Taiwan’s manufacturing sector expanded at its fastest pace in more than three years last month, as Middle East tensions pushed up raw material costs and prompted firms to accelerate orders, while sustained demand for artificial intelligence (AI) and semiconductors continued to underpin production, the Chung-Hua Institution for Economic Research (CIER, 中華經濟研究院) said yesterday.
The manufacturing purchasing managers’ index (PMI) rose 4.9 points to 60.3, the strongest reading since September 2021, signaling a pickup in activity driven by pre-emptive stockpiling and capacity adjustments across key industries, the CIER said.
Volatility in petrochemical prices and delivery schedules has led manufacturers to front-load purchases — particularly of raw materials — amplifying production momentum, the Taipei-based think tank said.
Photo: CNA
“The conflict in the Middle East has triggered a clear pull-forward in demand,” CIER president Lien Hsien-ming (連賢明) said. “This is most evident in raw materials, where stronger buying has lifted both input prices and output activity.”
The raw materials price index surged to 86, marking the fastest increase since April 2022, while the new orders gauge rose for a seventh consecutive month to 52.1, reflecting resilient demand despite external uncertainties.
Beyond geopolitics, support from technology investment remains strong, CIER said.
Global expansion in semiconductor manufacturing, AI servers and data centers — alongside rising demand for drones and power grid infrastructure — has boosted orders for high-end equipment and industrial automation systems, with the electronics sector leading gains and spillovers across its supply chain, it said.
However, the outlook is increasingly uneven, CIER said.
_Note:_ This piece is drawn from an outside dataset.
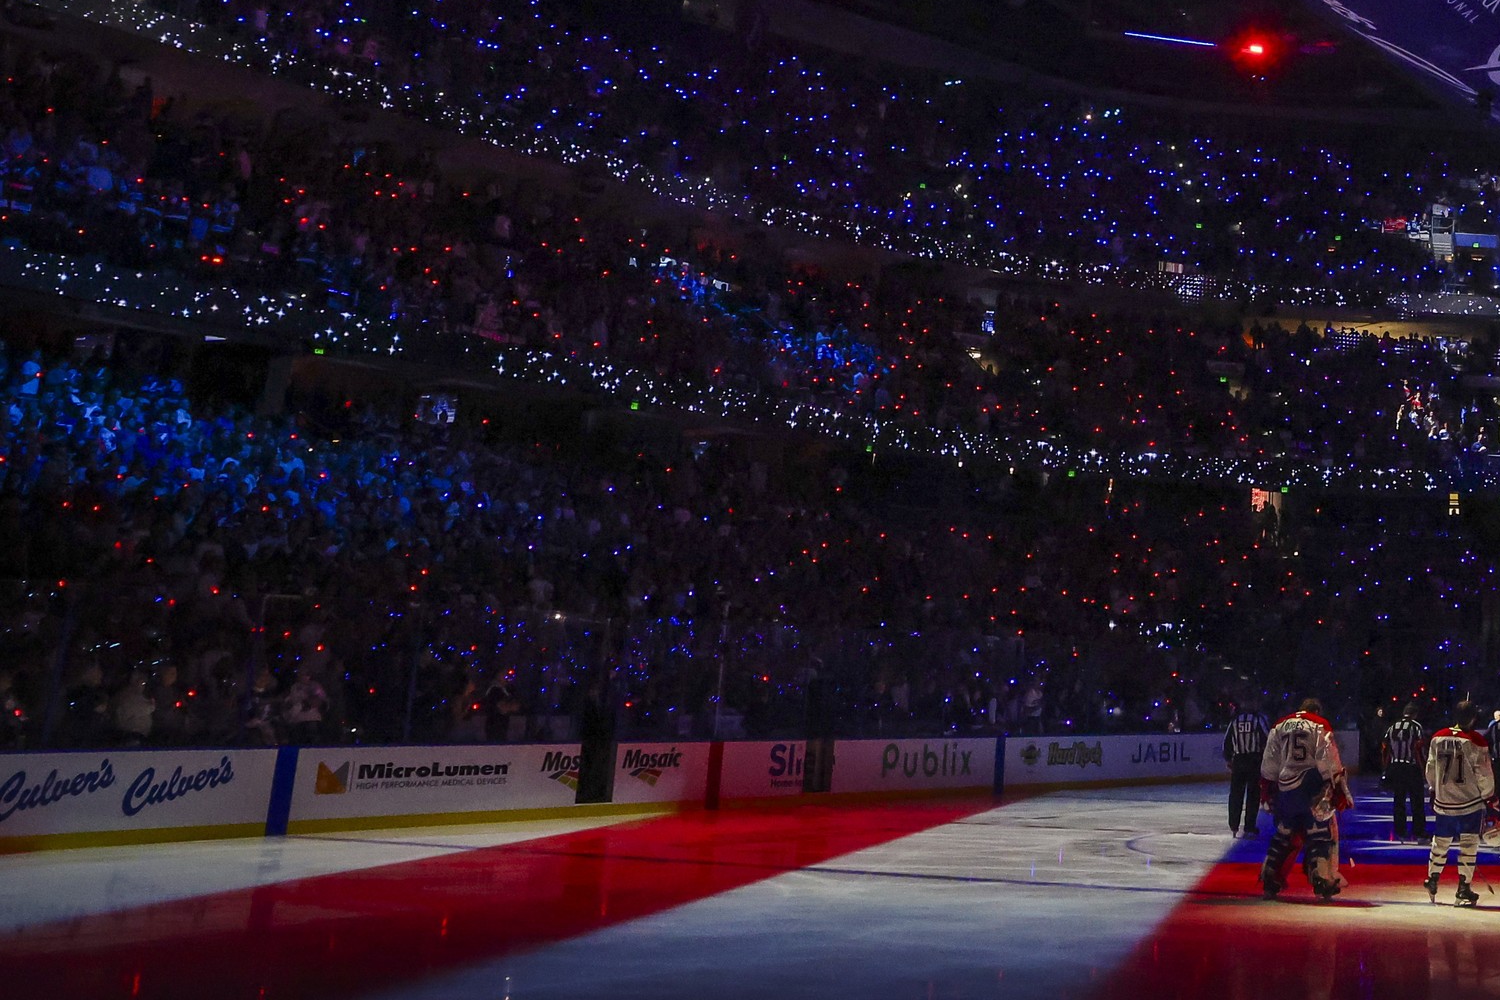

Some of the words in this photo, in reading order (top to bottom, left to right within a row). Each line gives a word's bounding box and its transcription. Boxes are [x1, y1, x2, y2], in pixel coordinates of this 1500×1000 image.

Electronics, optical components, electrical machinery and basic materials firms expect continued expansion over the next six months, while suppliers of transportation equipment, chemicals and biotechnology, and food and textiles expect a contraction, it said.
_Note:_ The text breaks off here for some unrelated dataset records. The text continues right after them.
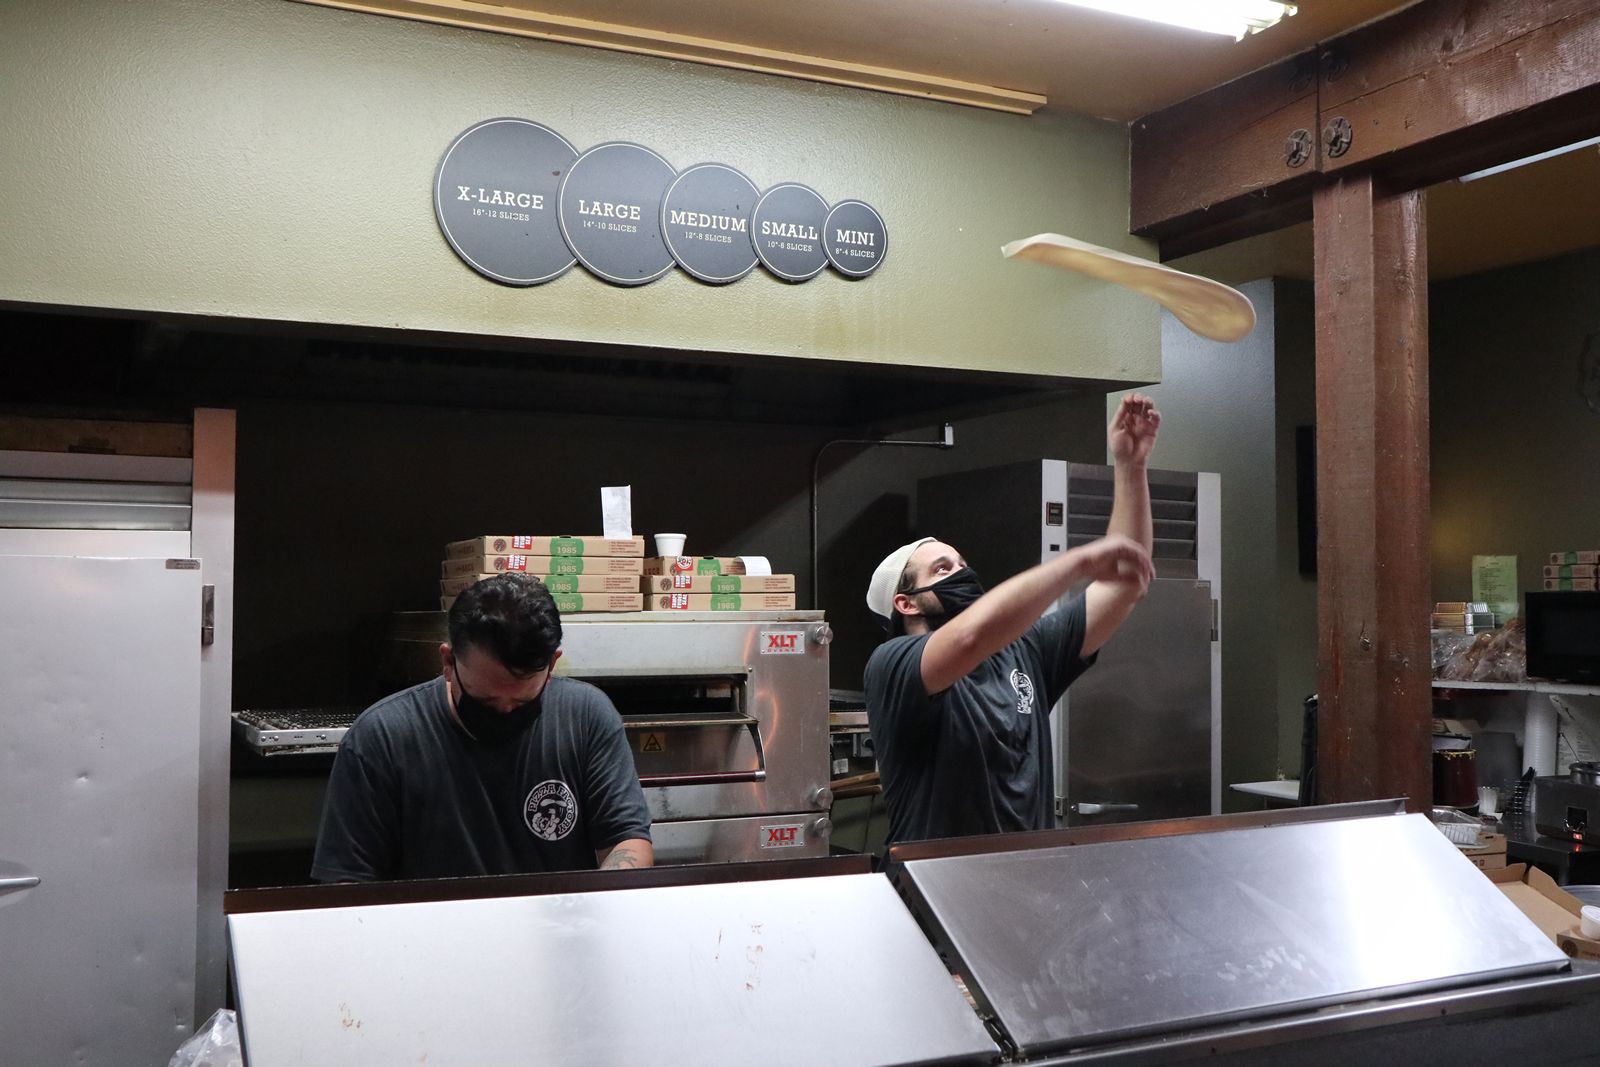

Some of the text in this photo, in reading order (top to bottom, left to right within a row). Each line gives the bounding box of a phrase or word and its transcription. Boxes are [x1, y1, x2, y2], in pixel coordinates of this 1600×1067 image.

[457, 185, 543, 209] X-LARGE
[499, 212, 530, 222] SLICES
[578, 199, 641, 221] LARGE
[608, 223, 637, 233] SLICES
[670, 210, 747, 233] MEDIUM
[704, 233, 732, 243] SLICES
[761, 221, 818, 241] SMALL
[836, 229, 875, 246] MINI
[786, 243, 813, 252] SLICES
[850, 249, 875, 258] SLICES
[552, 583, 572, 591] 1985
[768, 635, 797, 648] XLT
[528, 784, 556, 812] PIZZA
[557, 785, 575, 834] FACTORY
[768, 827, 798, 842] XLT
The non-manufacturing index also rose, climbing 4 points to 58.3, marking 14 consecutive months of expansion and the fastest pace since July 2024, the CIER said.
Activity was supported by strong demand from high-end manufacturing clients and seasonal consumption linked to Mother’s Day and peak retail periods, it said. The six-month outlook improved, rising 4.3 points to 56.7.
Academia Sinica research fellow Kamhon Kan (簡錦漢) cautioned that growth momentum is becoming increasingly concentrated in a narrow set of drivers, particularly AI-related investment.
With the Strait of Hormuz still constrained and energy costs weighing on Asia and Europe, growth in Taiwan and the US is increasingly being driven by AI rather than broad-based demand, he said.
That concentration makes overall activity more vulnerable, Kan said, adding that any slowdown in AI investment or escalation in external shocks could trigger sharper swings in economic momentum.